The high levels of lethal conflict observed in certain small-scale societies may partly result from the genetic and cultural differences between groups. For example, tribal societies in lowland Amazonia show higher F_ST values than many other human communities, which may have contributed to historically high rates of lethal intergroup competition.⁵¹ Critics sometimes argue that cultural differences alone can explain these patterns, pointing out that most variation occurs within groups rather than between them. While it’s true that cultural differences are important, studies show that they explain only a small portion of between-group behavioral variation.⁵² This implies that the majority of behavioral variation occurs within rather than between groups. Still, even small differences between groups—whether genetic or cultural—can lead to noticeable differences in cooperation, competition, and other behaviors. 

Most of the traits we have discussed in this article have been described by evolutionary and genetic researchers as polygenic, meaning their expression arises from the additive effects of numerous genes.

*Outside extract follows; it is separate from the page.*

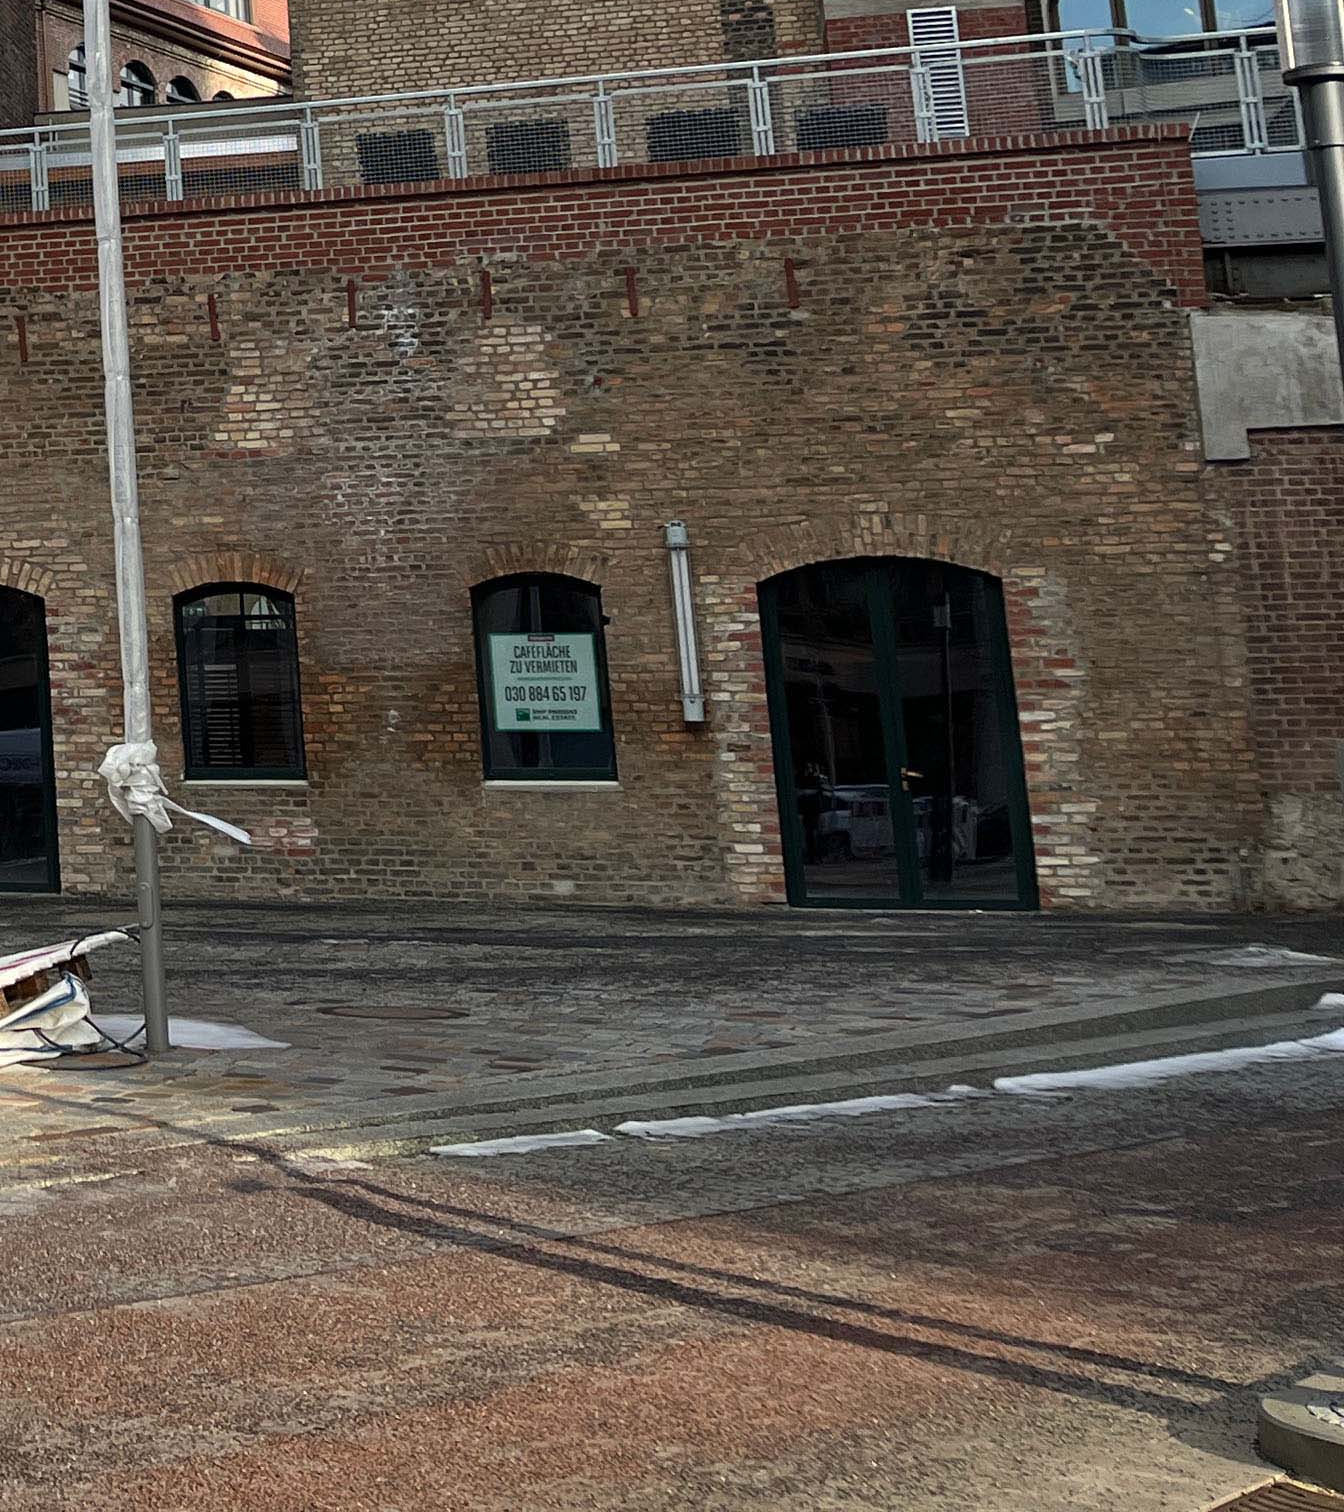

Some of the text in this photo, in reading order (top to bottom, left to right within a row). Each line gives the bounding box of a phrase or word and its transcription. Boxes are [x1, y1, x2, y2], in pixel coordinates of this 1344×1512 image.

[509, 660, 578, 674] ZU VERMIETEN
[505, 686, 587, 702] 030 884 65 197

Consequently, even if groups are genetically similar (low F_ST), small frequency shifts across many genes can accumulate to produce meaningful phenotypic differences. Suppose that many genes of small effect influence parochial altruism, where individuals preferentially cooperate with in-group members and compete with outsiders. Even though the genetic and cultural F_ST between Group A and Group B may be low, minor additive effects can be sufficient to generate average differences in parochial altruism between groups. If Group A has a slightly higher mean genetic predisposition toward parochial altruism, this can give it a decisive advantage in intergroup competition over Group B. So, even small genetic differences—despite overall similarity between groups—can shape group-level outcomes, and cultural variation may further amplify these effects. 

The Bottom Line for Friendship and Fiendship 

Whether it is referred to as positive assortment, homophily, or assortative sociality, the mutual attraction between similar individuals can produce strong sexual and social bonds. These similarities can appear in overall sexual or social attractiveness, specific personality traits, or underlying neural and cognitive processes. Moreover, homophily has a stronger effect when these traits are heritable. The evidence also strongly suggests that homophily is not a phenomenon restricted to contemporary humans, but occurs in numerous nonhuman animals, including nonhuman primates and hoofed species. Additionally, several studies strongly demonstrate that owners and their dogs share several cognitive, behavioral, and temperamental traits, an outcome of people either preferring certain dog breeds or actively shaping their pets’ attributes. Taken together, these findings provide compelling evidence regarding the principal driving forces in the evolution of homophily in our species as well as others.